Vous venez de publier avec Nathalie Thomas et Jérôme Prieur, Henri Thomas, Carnets 1934-1948, aux Editions Claire Paulhan. Malgré une œuvre d’une grande diversité qui se compose d’une cinquantaine de livres - romans, nouvelles, récits, poèmes, chroniques, traductions -, plusieurs prix littéraires attribués, et deux colloques qui lui ont été consacrés en 1993 et en 2003, Henri Thomas, ami de Jean Paulhan, André Gide, Antonin Artaud, Arthur Adamov… reste méconnu. Comment expliquer que son œuvre ait une réception limitée ?
Luc Autret Il s’agit probablement d’un cas assez rare pour un auteur qui, en quarante ans, a autant écrit de livres de qualité publiés pour la plupart chez Gallimard. Encouragé par Gide, lancé par Paulhan qui édite ses premiers poèmes dans la belle revue Mesures entre Kafka et Swift, Supervielle et Michaux, il ne connaît pas le succès escompté avec son premier roman, Le seau à charbon, passé inaperçu parce que publié en pleine Débâcle, en 1940. Son œuvre a toujours été saluée par des écrivains aussi prestigieux que Rolland de Renéville, Maurice Blanchot, Joë Bousquet, Raymond Queneau, Marcel Lecomte, Philippe Jaccottet, Jacques Borel et plus récemment par Jean Roudaut, Pierre Bergounioux, Christian Garcin... Je connais très peu d’approches défavorables. François Weyergans, il est vrai, est passé à côté de John Perkins. Ce qui pourrait peut-être ouvrir son œuvre à un public un peu plus large, c’est la recherche universitaire, comme ce fut le cas, par exemple, pour Philippe Jaccottet. En dehors de deux colloques dont le premier organisé par Hervé Ferrage (auteur de nombreux articles sur Henri Thomas) à l'Ecole Normale Supérieure en 1993, et un autre en 2003, à l'Université Paris III, dirigé par Marc Dambre et Patrice Bougon (fondateur notamment du site Internet créé en 2006 consacré à Henri Thomas), ainsi que d’une première thèse soutenue en France par Pierre Lecoeur, le frémissement est encore faible. La multiplication des genres abordés (poèmes, romans, nouvelles, critiques, carnets...), sa carrière hors de toute école littéraire, offrent finalement peu de prises théoriques.
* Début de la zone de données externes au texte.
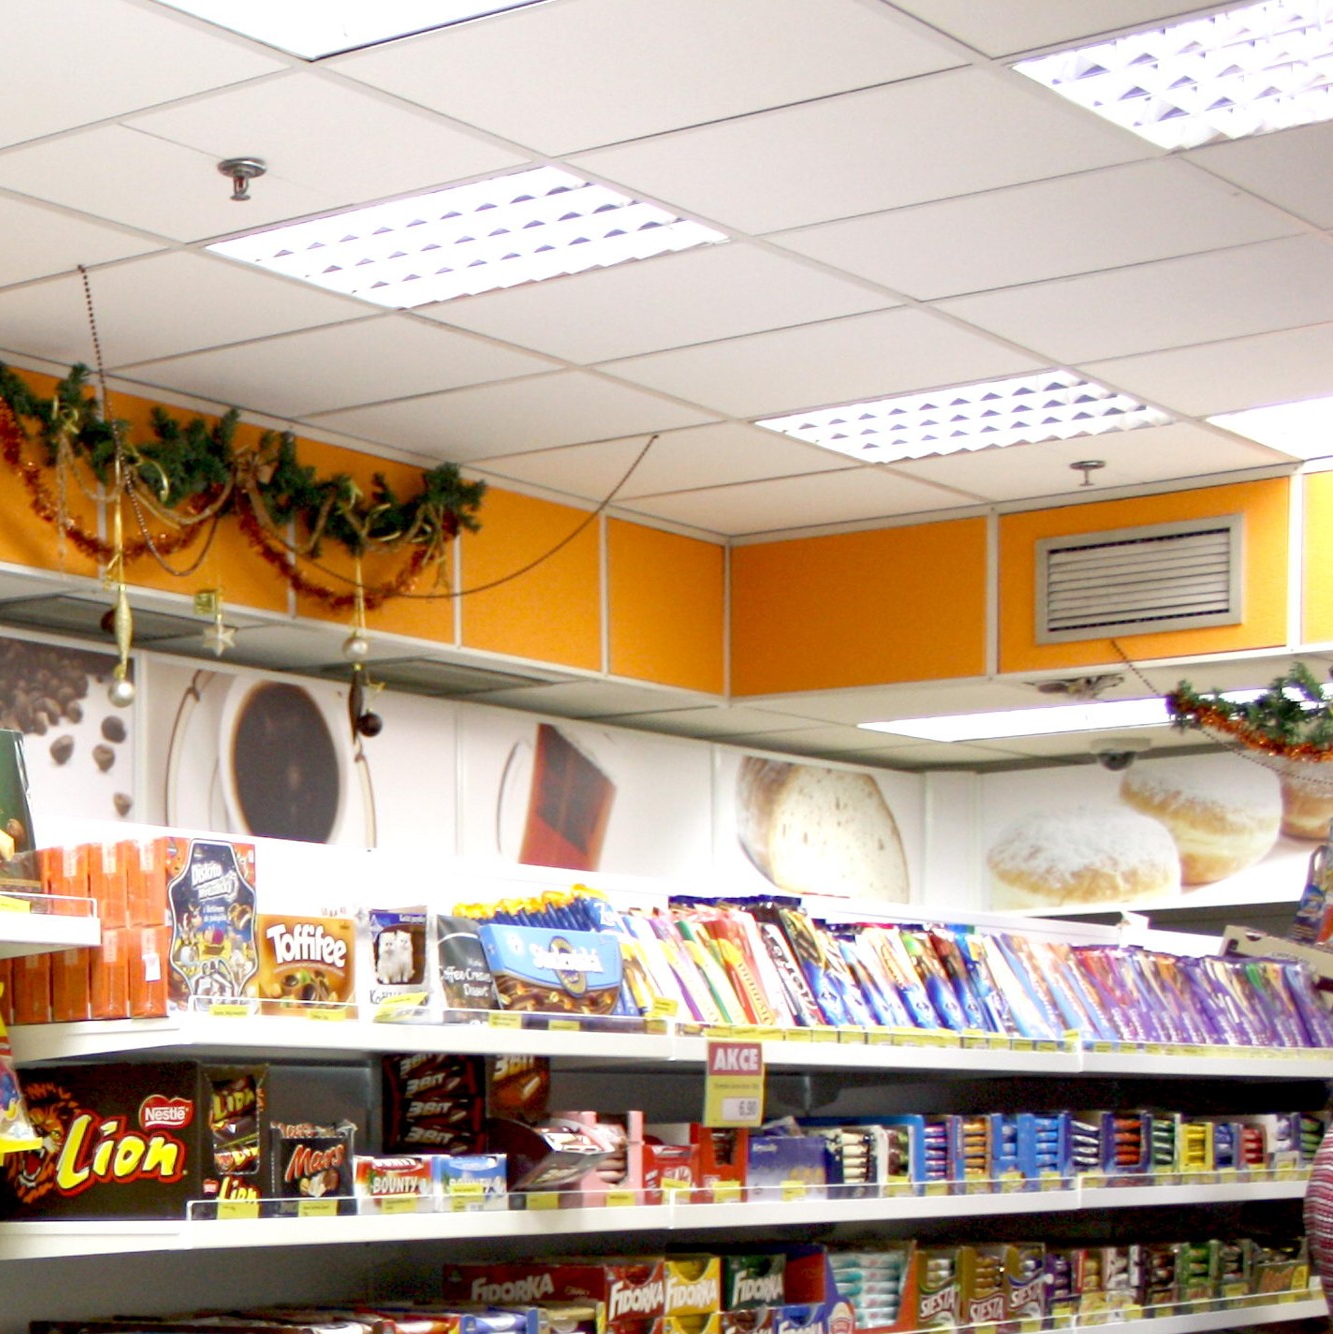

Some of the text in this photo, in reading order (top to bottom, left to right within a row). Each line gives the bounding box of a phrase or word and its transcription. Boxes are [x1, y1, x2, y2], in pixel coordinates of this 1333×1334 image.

[266, 923, 347, 968] Toffifee
[713, 1047, 760, 1074] AKCE
[144, 1104, 188, 1123] Nestlé
[55, 1112, 179, 1191] Lion
[284, 1142, 346, 1183] Mars
[373, 1175, 419, 1194] BOUNTY
[471, 1275, 555, 1300] FIDORKA
[609, 1279, 664, 1320] FIDORKA
[665, 1277, 718, 1316] FIDORKA
[734, 1273, 783, 1305] FIDORKA
[920, 1287, 957, 1322] SIESTA
[969, 1299, 1004, 1324] SIESTA
Henri Thomas était certain de construire quelque chose d’important et avait une grande confiance en l’avenir. Ses carnets en sont aussi un témoignage. A travers l’errance et l’incertitude, on assiste à la construction d’une âme avec une exigence essentielle dont l’architecture secrète, mais très précise, se dessine sous nos yeux. Il note d’ailleurs, âgé de 23 ans : « Un jour ce que j’aurai connu de solitude deviendra ma force » (27 avril 1936).
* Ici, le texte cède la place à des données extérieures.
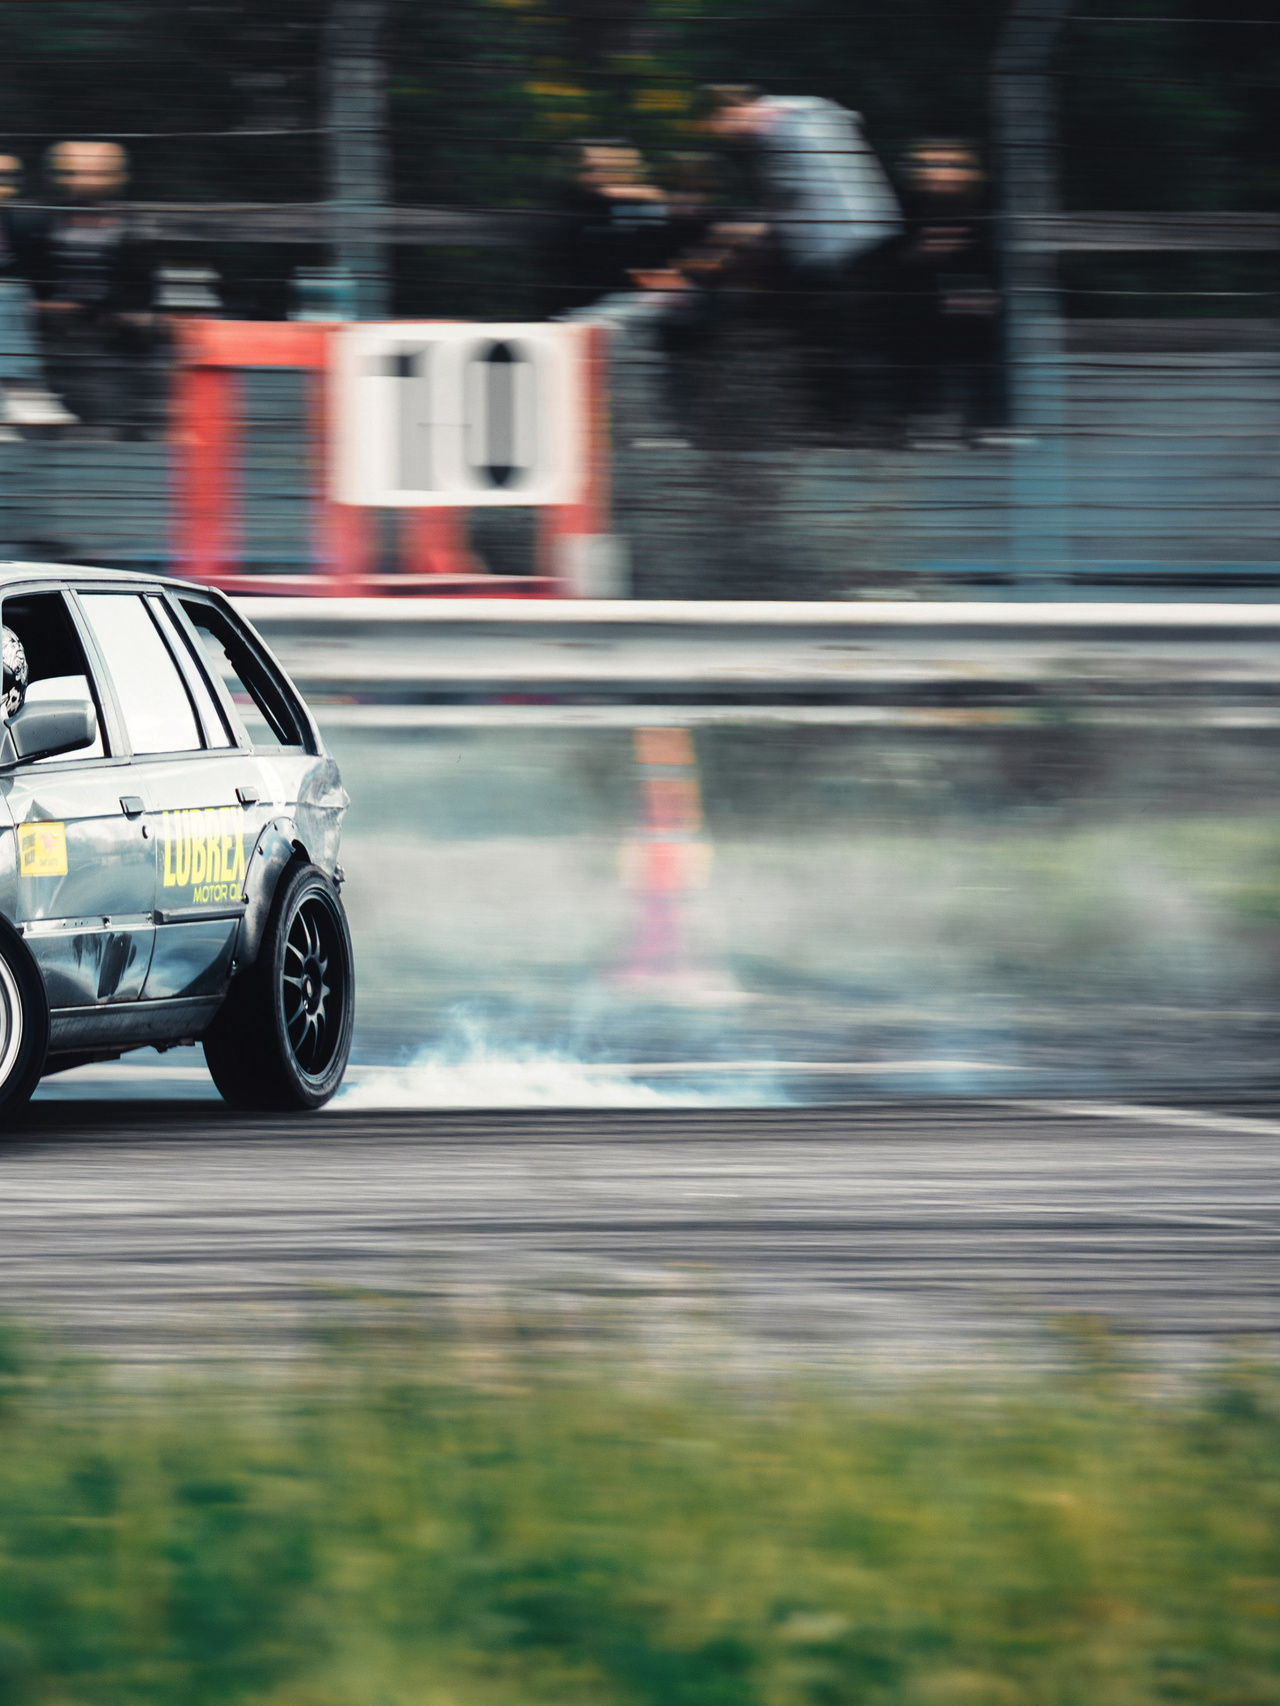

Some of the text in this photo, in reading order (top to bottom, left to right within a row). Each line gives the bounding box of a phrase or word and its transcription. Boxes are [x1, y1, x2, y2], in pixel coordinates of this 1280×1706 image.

[362, 338, 538, 493] 10
[162, 806, 246, 888] LUBREX
[193, 884, 229, 904] MOTOR
Avec les notes, vous nous donnez à lire de nombreux extraits de lettres, d’entretiens, d’articles, de phrases ajoutées provenant d’une version ultérieure de ses manuscrits et montrez, notamment, combien les Carnets ont nourri l’œuvre d’Henri Thomas...
L. A. Ces Carnets forment le terreau d'une grande partie de son oeuvre, y compris romanesque. Henri Thomas en a utilisé des passages entiers, retravaillés pour ses chroniques ou repris mot pour mot dans ses récits, comme par exemple Le Migrateur (Gallimard, 1983). Mettre en résonance tel ou tel passage n’a donc pas été très difficile. Par contre, il a été nécessaire de procéder à une sélection parmi la quantité de fragments pris ici ou là afin de ne pas surcharger l’édition de notes (il y en a déjà beaucoup et c’est tout à l’honneur de Claire Paulhan qui m’a laissé libre champ). Faire entendre la voix de l’intéressé et des témoins d’alors par le biais de l’annotation, nous a paru un moyen de donner aux lecteurs l’envie de s’aventurer ailleurs dans l’œuvre d’Henri Thomas.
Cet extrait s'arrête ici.